* [YOUR OBJECTIVE]
Return every record below exactly as given, images excluded.

* [TASK INPUT]
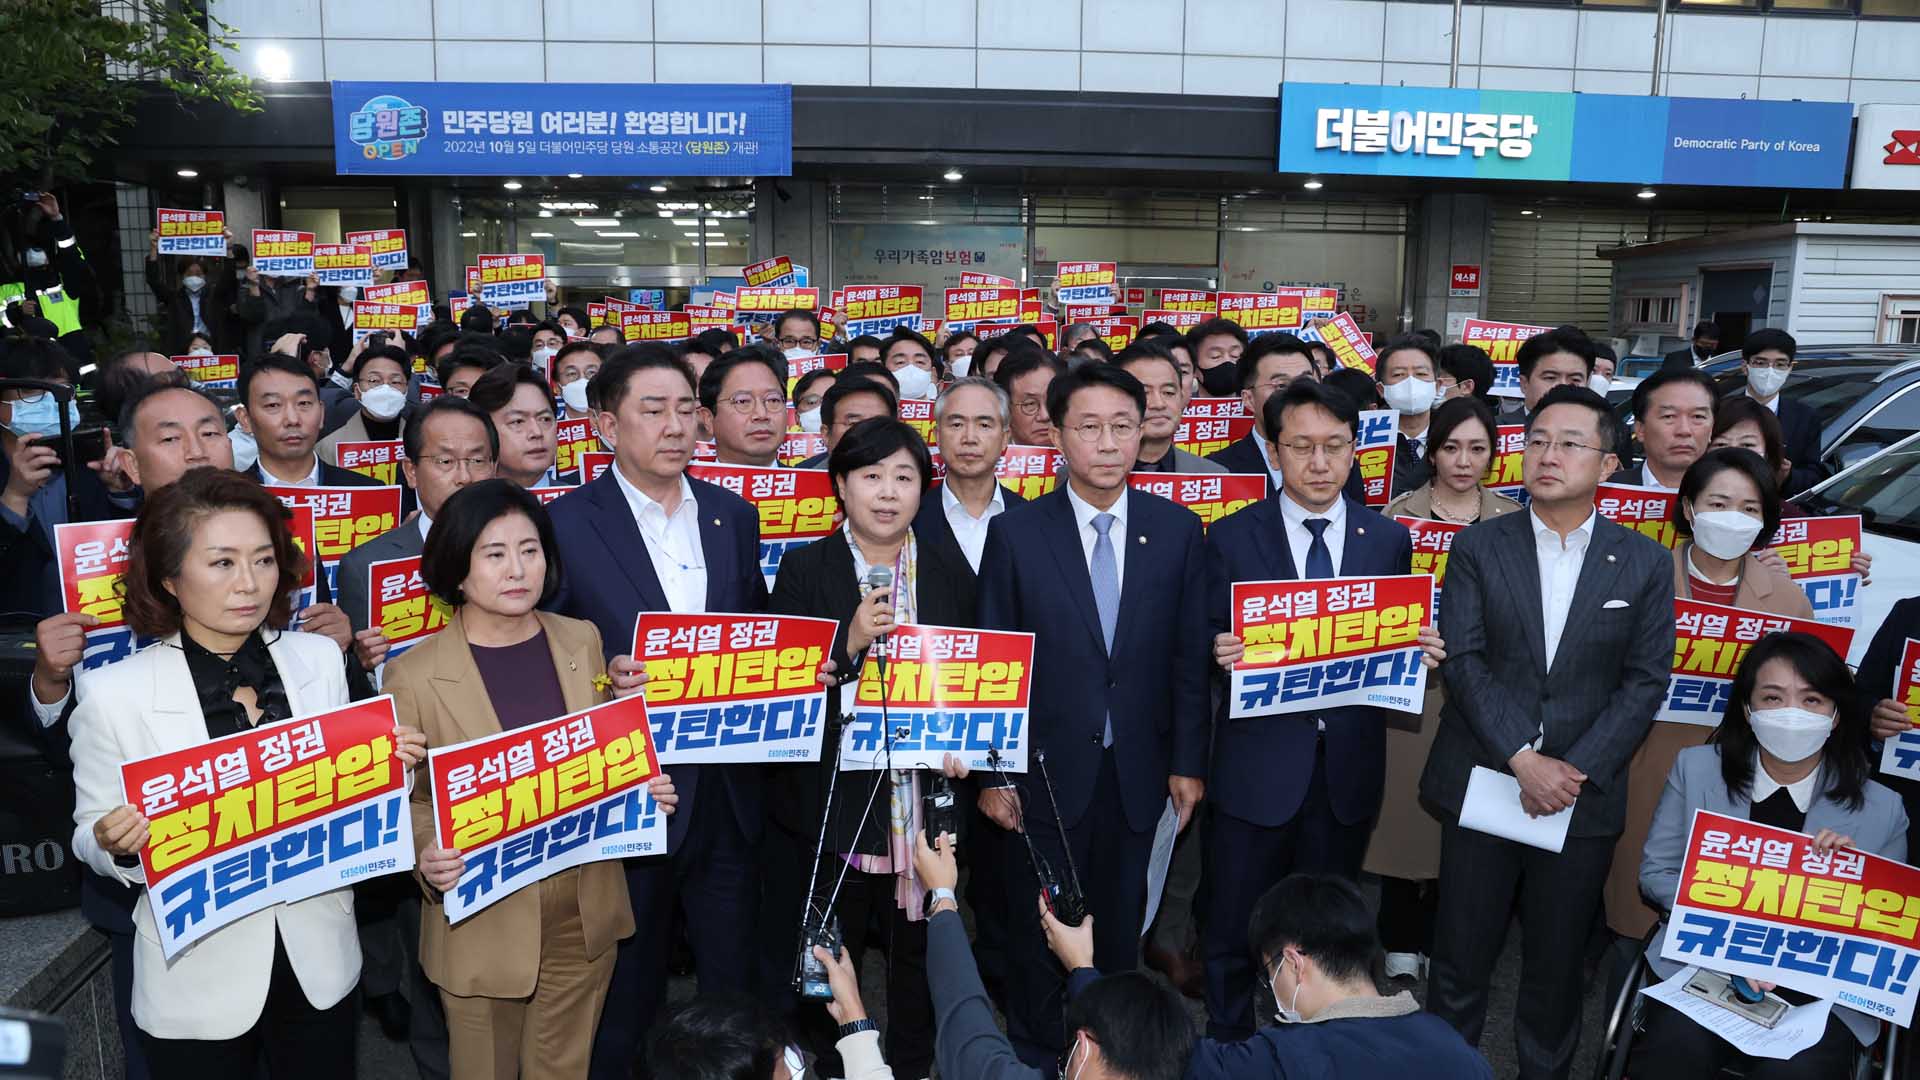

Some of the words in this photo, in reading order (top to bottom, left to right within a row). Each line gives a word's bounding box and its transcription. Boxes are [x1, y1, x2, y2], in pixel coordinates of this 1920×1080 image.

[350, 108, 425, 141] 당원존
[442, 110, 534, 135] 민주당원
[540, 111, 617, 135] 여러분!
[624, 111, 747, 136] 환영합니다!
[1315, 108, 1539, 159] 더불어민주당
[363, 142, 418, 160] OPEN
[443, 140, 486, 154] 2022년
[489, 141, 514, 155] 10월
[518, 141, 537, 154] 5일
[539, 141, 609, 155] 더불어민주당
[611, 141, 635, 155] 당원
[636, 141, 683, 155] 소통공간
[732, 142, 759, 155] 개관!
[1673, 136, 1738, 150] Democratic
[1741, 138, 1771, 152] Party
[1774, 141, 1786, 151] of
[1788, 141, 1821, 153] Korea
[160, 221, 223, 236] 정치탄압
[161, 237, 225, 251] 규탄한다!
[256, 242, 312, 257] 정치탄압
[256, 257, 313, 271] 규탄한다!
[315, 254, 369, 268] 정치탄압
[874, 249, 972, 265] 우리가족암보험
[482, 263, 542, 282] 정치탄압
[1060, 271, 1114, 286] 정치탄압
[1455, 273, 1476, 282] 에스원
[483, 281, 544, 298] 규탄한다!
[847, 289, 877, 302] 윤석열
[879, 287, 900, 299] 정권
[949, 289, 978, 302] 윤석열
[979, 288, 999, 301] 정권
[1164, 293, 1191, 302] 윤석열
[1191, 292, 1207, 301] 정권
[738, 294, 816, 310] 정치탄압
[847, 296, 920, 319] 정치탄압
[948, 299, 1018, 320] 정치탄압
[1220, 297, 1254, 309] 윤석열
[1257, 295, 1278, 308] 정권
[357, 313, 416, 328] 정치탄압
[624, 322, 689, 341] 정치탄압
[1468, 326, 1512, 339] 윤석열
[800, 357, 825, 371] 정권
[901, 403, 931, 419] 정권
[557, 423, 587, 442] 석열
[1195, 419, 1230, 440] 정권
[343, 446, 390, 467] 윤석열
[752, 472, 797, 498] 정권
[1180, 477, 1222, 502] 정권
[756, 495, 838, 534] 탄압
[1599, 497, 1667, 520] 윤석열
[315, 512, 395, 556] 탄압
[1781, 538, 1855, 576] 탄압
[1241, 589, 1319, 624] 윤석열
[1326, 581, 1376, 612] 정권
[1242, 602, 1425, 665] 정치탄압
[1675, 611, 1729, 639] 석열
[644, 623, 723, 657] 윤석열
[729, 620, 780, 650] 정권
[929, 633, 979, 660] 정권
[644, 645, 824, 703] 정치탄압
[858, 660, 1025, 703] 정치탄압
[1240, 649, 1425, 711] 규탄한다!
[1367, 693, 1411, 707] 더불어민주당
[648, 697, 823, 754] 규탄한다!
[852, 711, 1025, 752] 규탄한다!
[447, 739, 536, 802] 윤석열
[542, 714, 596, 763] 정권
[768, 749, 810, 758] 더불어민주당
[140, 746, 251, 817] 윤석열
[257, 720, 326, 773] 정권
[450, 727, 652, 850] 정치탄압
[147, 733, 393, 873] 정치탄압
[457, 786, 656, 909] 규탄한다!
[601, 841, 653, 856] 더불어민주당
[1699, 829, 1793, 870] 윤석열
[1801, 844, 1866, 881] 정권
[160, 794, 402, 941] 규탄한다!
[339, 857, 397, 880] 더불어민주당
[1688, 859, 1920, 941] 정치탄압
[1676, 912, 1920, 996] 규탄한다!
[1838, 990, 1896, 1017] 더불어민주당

* [ANSWER SECTION]
Some of the words in this photo, in reading order (top to bottom, left to right within a row). Each line gives a word's bounding box and its transcription. Boxes are [x1, y1, x2, y2], in pixel coordinates of this 1920×1080 image.

[350, 108, 425, 141] 당원존
[442, 110, 534, 135] 민주당원
[540, 111, 617, 135] 여러분!
[624, 111, 747, 136] 환영합니다!
[1315, 108, 1539, 159] 더불어민주당
[363, 142, 418, 160] OPEN
[443, 140, 486, 154] 2022년
[489, 141, 514, 155] 10월
[518, 141, 537, 154] 5일
[539, 141, 609, 155] 더불어민주당
[611, 141, 635, 155] 당원
[636, 141, 683, 155] 소통공간
[732, 142, 759, 155] 개관!
[1673, 136, 1738, 150] Democratic
[1741, 138, 1771, 152] Party
[1774, 141, 1786, 151] of
[1788, 141, 1821, 153] Korea
[160, 221, 223, 236] 정치탄압
[161, 237, 225, 251] 규탄한다!
[256, 242, 312, 257] 정치탄압
[256, 257, 313, 271] 규탄한다!
[315, 254, 369, 268] 정치탄압
[874, 249, 972, 265] 우리가족암보험
[482, 263, 542, 282] 정치탄압
[1060, 271, 1114, 286] 정치탄압
[1455, 273, 1476, 282] 에스원
[483, 281, 544, 298] 규탄한다!
[847, 289, 877, 302] 윤석열
[879, 287, 900, 299] 정권
[949, 289, 978, 302] 윤석열
[979, 288, 999, 301] 정권
[1164, 293, 1191, 302] 윤석열
[1191, 292, 1207, 301] 정권
[738, 294, 816, 310] 정치탄압
[847, 296, 920, 319] 정치탄압
[948, 299, 1018, 320] 정치탄압
[1220, 297, 1254, 309] 윤석열
[1257, 295, 1278, 308] 정권
[357, 313, 416, 328] 정치탄압
[624, 322, 689, 341] 정치탄압
[1468, 326, 1512, 339] 윤석열
[800, 357, 825, 371] 정권
[901, 403, 931, 419] 정권
[557, 423, 587, 442] 석열
[1195, 419, 1230, 440] 정권
[343, 446, 390, 467] 윤석열
[752, 472, 797, 498] 정권
[1180, 477, 1222, 502] 정권
[756, 495, 838, 534] 탄압
[1599, 497, 1667, 520] 윤석열
[315, 512, 395, 556] 탄압
[1781, 538, 1855, 576] 탄압
[1241, 589, 1319, 624] 윤석열
[1326, 581, 1376, 612] 정권
[1242, 602, 1425, 665] 정치탄압
[1675, 611, 1729, 639] 석열
[644, 623, 723, 657] 윤석열
[729, 620, 780, 650] 정권
[929, 633, 979, 660] 정권
[644, 645, 824, 703] 정치탄압
[858, 660, 1025, 703] 정치탄압
[1240, 649, 1425, 711] 규탄한다!
[1367, 693, 1411, 707] 더불어민주당
[648, 697, 823, 754] 규탄한다!
[852, 711, 1025, 752] 규탄한다!
[447, 739, 536, 802] 윤석열
[542, 714, 596, 763] 정권
[768, 749, 810, 758] 더불어민주당
[140, 746, 251, 817] 윤석열
[257, 720, 326, 773] 정권
[450, 727, 652, 850] 정치탄압
[147, 733, 393, 873] 정치탄압
[457, 786, 656, 909] 규탄한다!
[601, 841, 653, 856] 더불어민주당
[1699, 829, 1793, 870] 윤석열
[1801, 844, 1866, 881] 정권
[160, 794, 402, 941] 규탄한다!
[339, 857, 397, 880] 더불어민주당
[1688, 859, 1920, 941] 정치탄압
[1676, 912, 1920, 996] 규탄한다!
[1838, 990, 1896, 1017] 더불어민주당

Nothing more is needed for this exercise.